The InChIKey is OVICLUIBYUONFH-UHFFFAOYSA-N. The full InChI is InChI=1S/C29H27ClN4O4.C13H27NO/c1-16-18(9-7-13-23(16)31-26(35)22-15-33(2)29(37)34(3)28(22)36)20-11-6-12-21(25(20)30)24-14-17-8-5-10-19(17)27(32-24)38-4;1-5-8-13(15)14-12(7-3)10-9-11(4)6-2/h6-7,9,11-15H,5,8,10H2,1-4H3,(H,31,35);11-12H,5-10H2,1-4H3,(H,14,15).
What are the key properties of N-[3-[2-chloro-3-(1-methoxy-6,7-dihydro-5H-cyclopenta[c]pyridin-3-yl)phenyl]-2-methylphenyl]-1,3-dimethyl-2,4-dioxopyrimidine-5-carboxamide;N-(6-methyloctan-3-yl)butanamide?
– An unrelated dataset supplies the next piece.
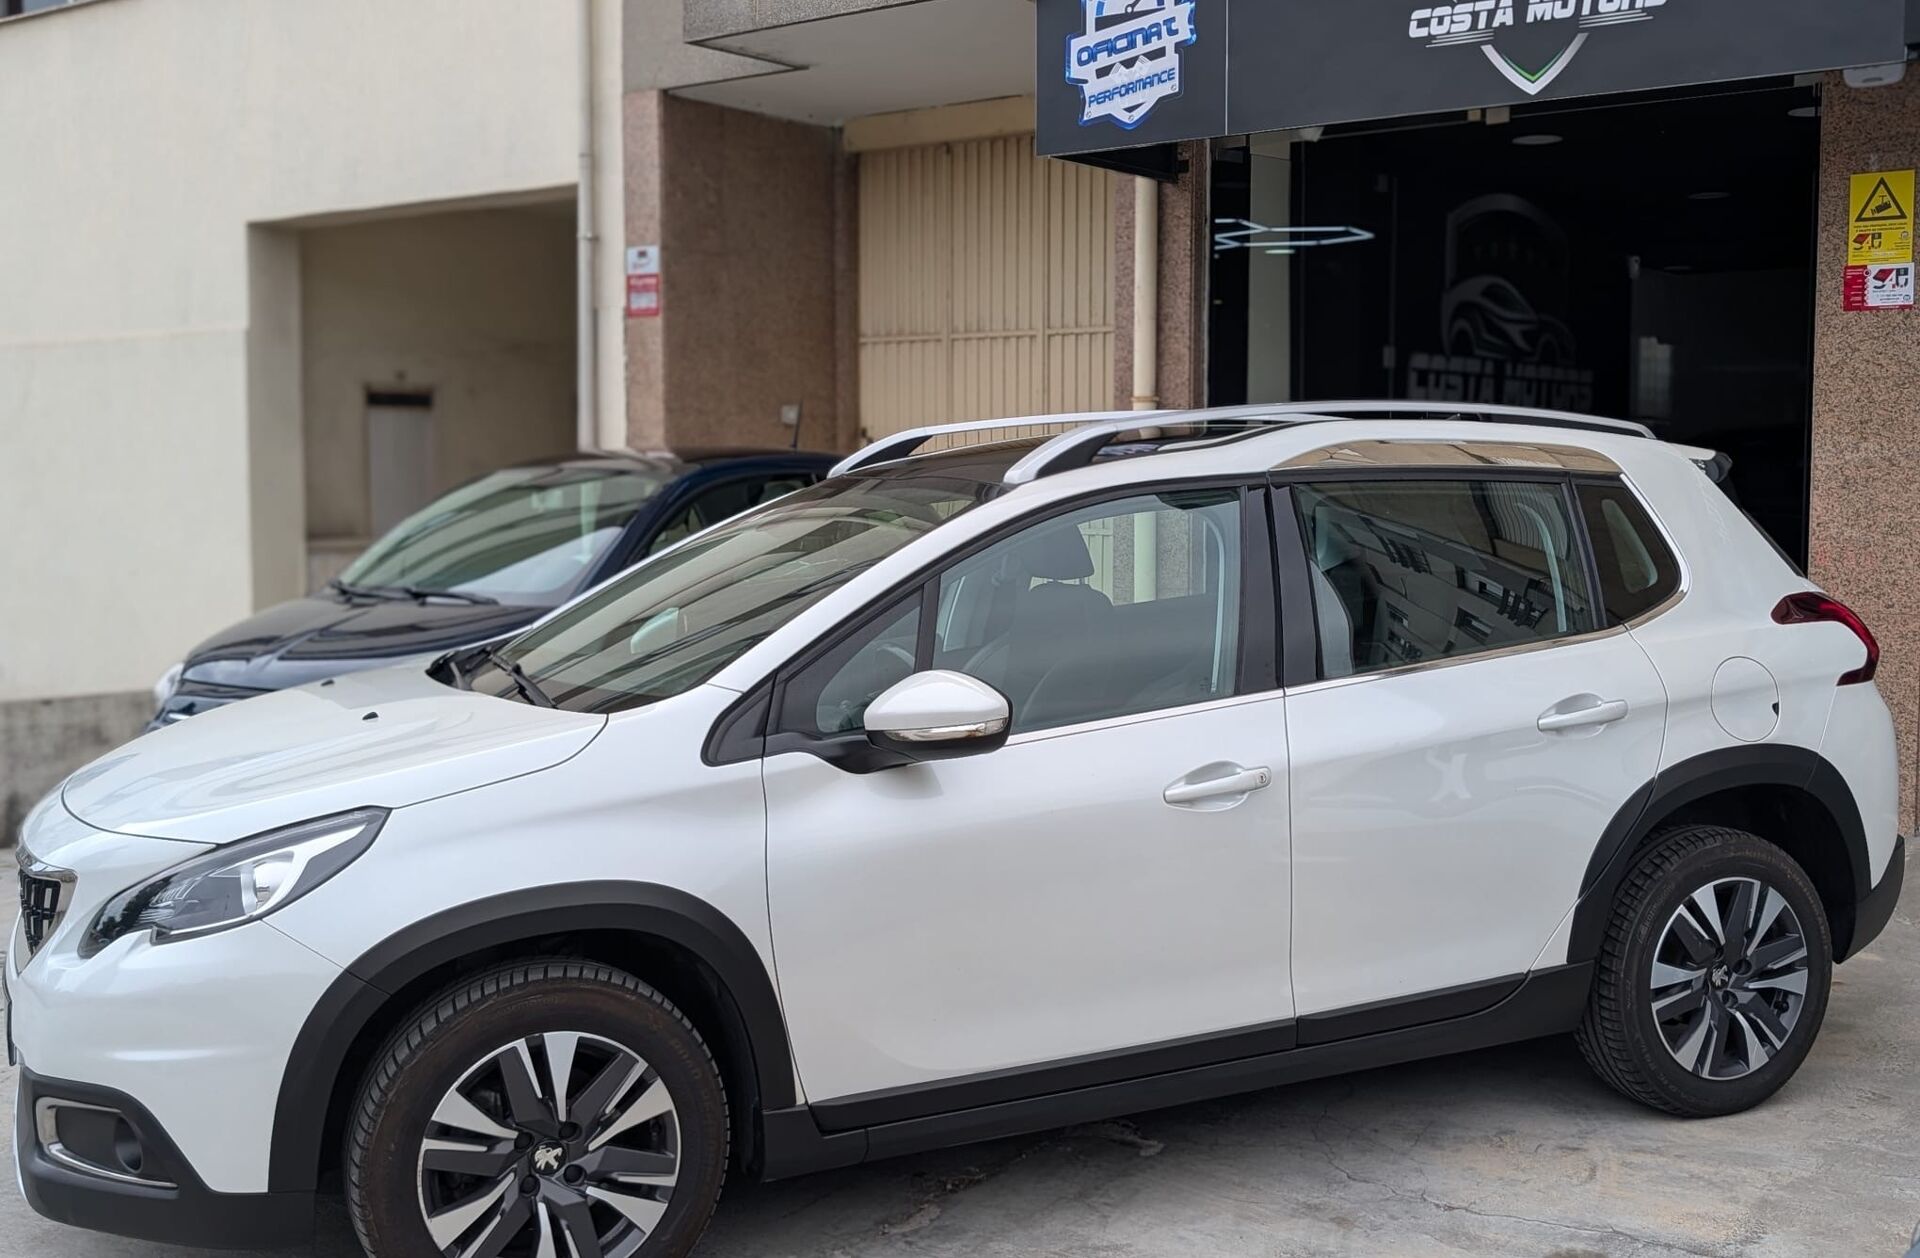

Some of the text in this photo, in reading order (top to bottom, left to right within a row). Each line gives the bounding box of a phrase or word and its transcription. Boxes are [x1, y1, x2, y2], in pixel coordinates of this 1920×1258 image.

[1408, 0, 1667, 38] COSTA MOT
[1088, 67, 1176, 108] PERFORMANCE
N-[3-[2-chloro-3-(1-methoxy-6,7-dihydro-5H-cyclopenta[c]pyridin-3-yl)phenyl]-2-methylphenyl]-1,3-dimethyl-2,4-dioxopyrimidine-5-carboxamide;N-(6-methyloctan-3-yl)butanamide has a molecular weight of 744.38 g/mol, XLogP of 8.03, 13 rotatable bonds, 2 hydrogen bond donors, and 8 hydrogen bond acceptors.
Where does this data come from?
All data for N-[3-[2-chloro-3-(1-methoxy-6,7-dihydro-5H-cyclopenta[c]pyridin-3-yl)phenyl]-2-methylphenyl]-1,3-dimethyl-2,4-dioxopyrimidine-5-carboxamide;N-(6-methyloctan-3-yl)butanamide is sourced from PubChem (CID 177340876), the world's largest open chemistry database maintained by the National Library of Medicine (NIH).